[Biojava-l] IntegerAlphabet IntegerSymbol

Thomas Down td2@sanger.ac.uk
Sun, 21 Oct 2001 09:28:00 +0100


On Fri, Oct 19, 2001 at 03:56:54PM -0700, David Waring wrote:
> 
> I am working on bio.program.PhredSequence and its friends (for handling the
> qualitative data associated with the output of Phred). PhredSequence uses
> SymbolLists with an IntegerAlphabet. At present the getToken() method of
> IntergerAlphabet.IntegerSymbol returns '#'. I guess this is because the
> Symbol interface specifies that getToken() return a char. Shouldn't this be
> a String?  Afterall SymbolParser parseToken() parses a String, and aren't we
> dealing with alphabets that can have multi-character tokens such as the 3
> letter amino acids names? Has this issue come up before?

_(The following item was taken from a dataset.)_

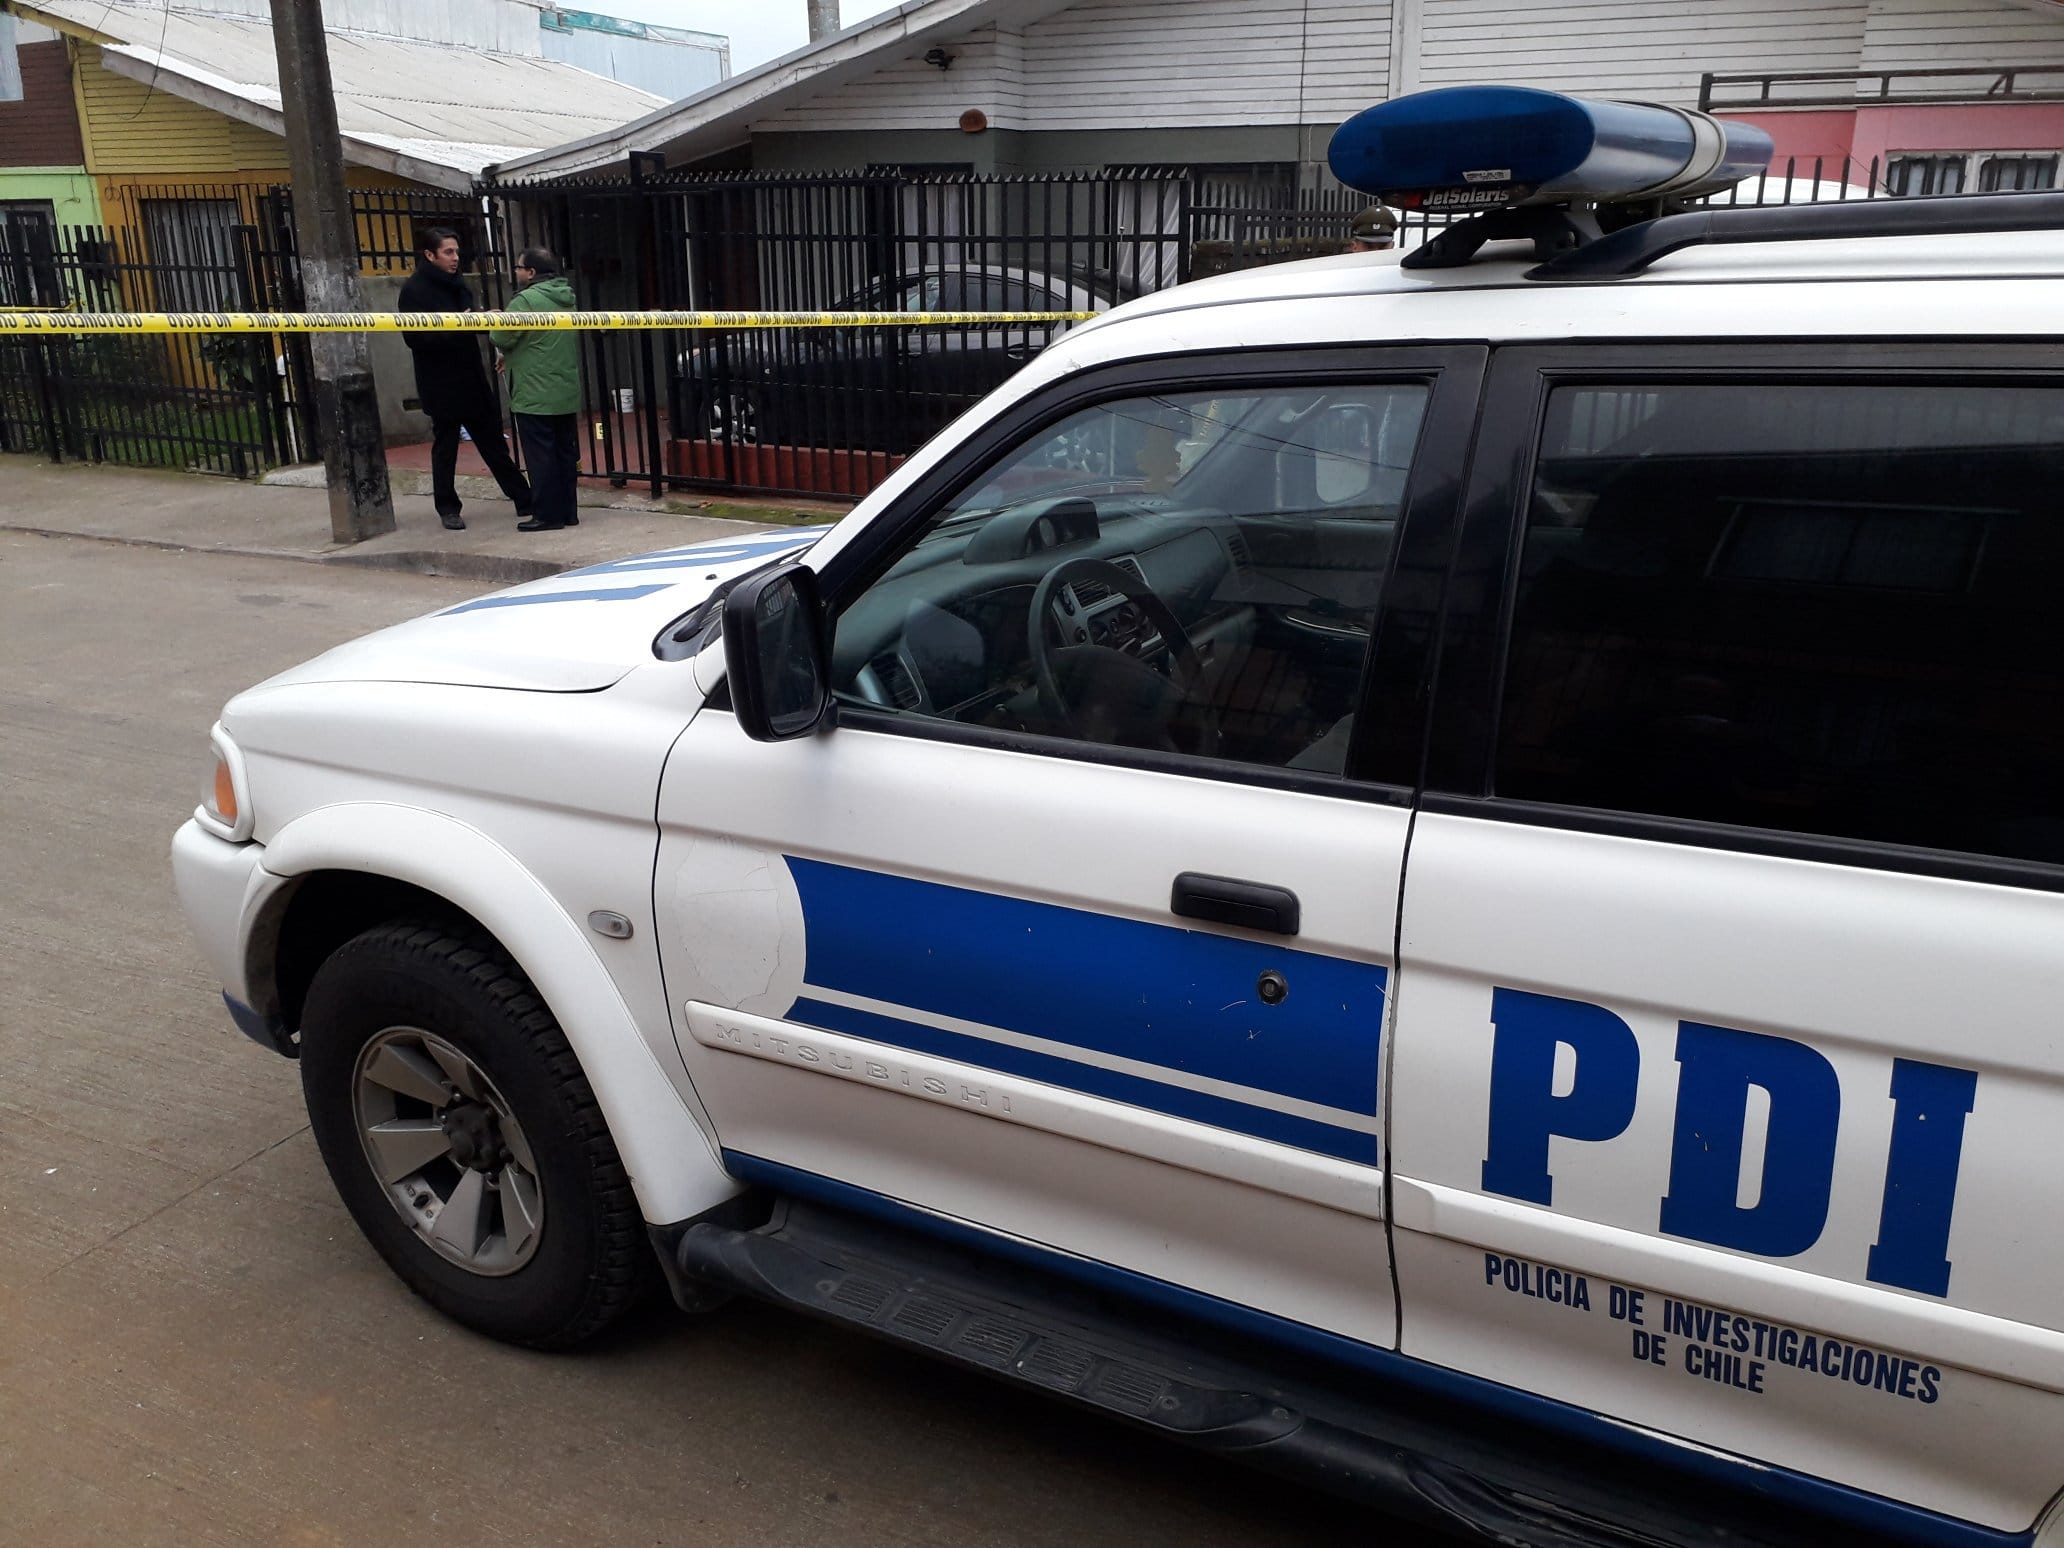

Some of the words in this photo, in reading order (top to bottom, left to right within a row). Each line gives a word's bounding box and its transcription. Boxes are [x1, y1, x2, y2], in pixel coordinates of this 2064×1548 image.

Am I
> misunderstanding 'token'?
> 
> One of the things that must be done with at PhredSequnece is to write the
> quality data (an IntegerAlphabet based SymbolList) to a fasta-like format.
> I'd like to just create a Sequence with the quality SymbolList and be able
> to write this using a FastaFormat. But since FastaFormat calls seqString()
> and that is coded in AbstractSymbolList to use getToken() it can only deal
> with chars so it can't handle IntegerSymbols. Another is issue is that with
> an IntegerSymbolList one would really like the seqString to output something
> like '10 20 22 7' as opposed to '1020227'.
> 
> Three options:
> 1) Create a new SequenceFormat just for this, and if there will be no other
> use of IntegerSymbolList perhaps this is the best way to go.
> 
> 2) Create an IntegerSymbolList that extends SimpleSymbolList overriding
> seqString().
> 
> 3) (most invasive but perhaps cleanest) Change getToken() to return an
> String, or adding toString() to Symbol and add a method paddedSeqString() to
> AbstractSymbolList.

4) get rid of getToken() completely, and change the way that sequences
   get converted to strings -- replacing hardwired code in SymbolList
   implementations with pluggable `stringifiers'.

This was the idea of my SymbolTokenizations patch which I posted
a few days ago.  Certainly my view is that is provides a much
cleaner framework for handling this kind of situtation, and I'd
urge you to take a look.

    Thomas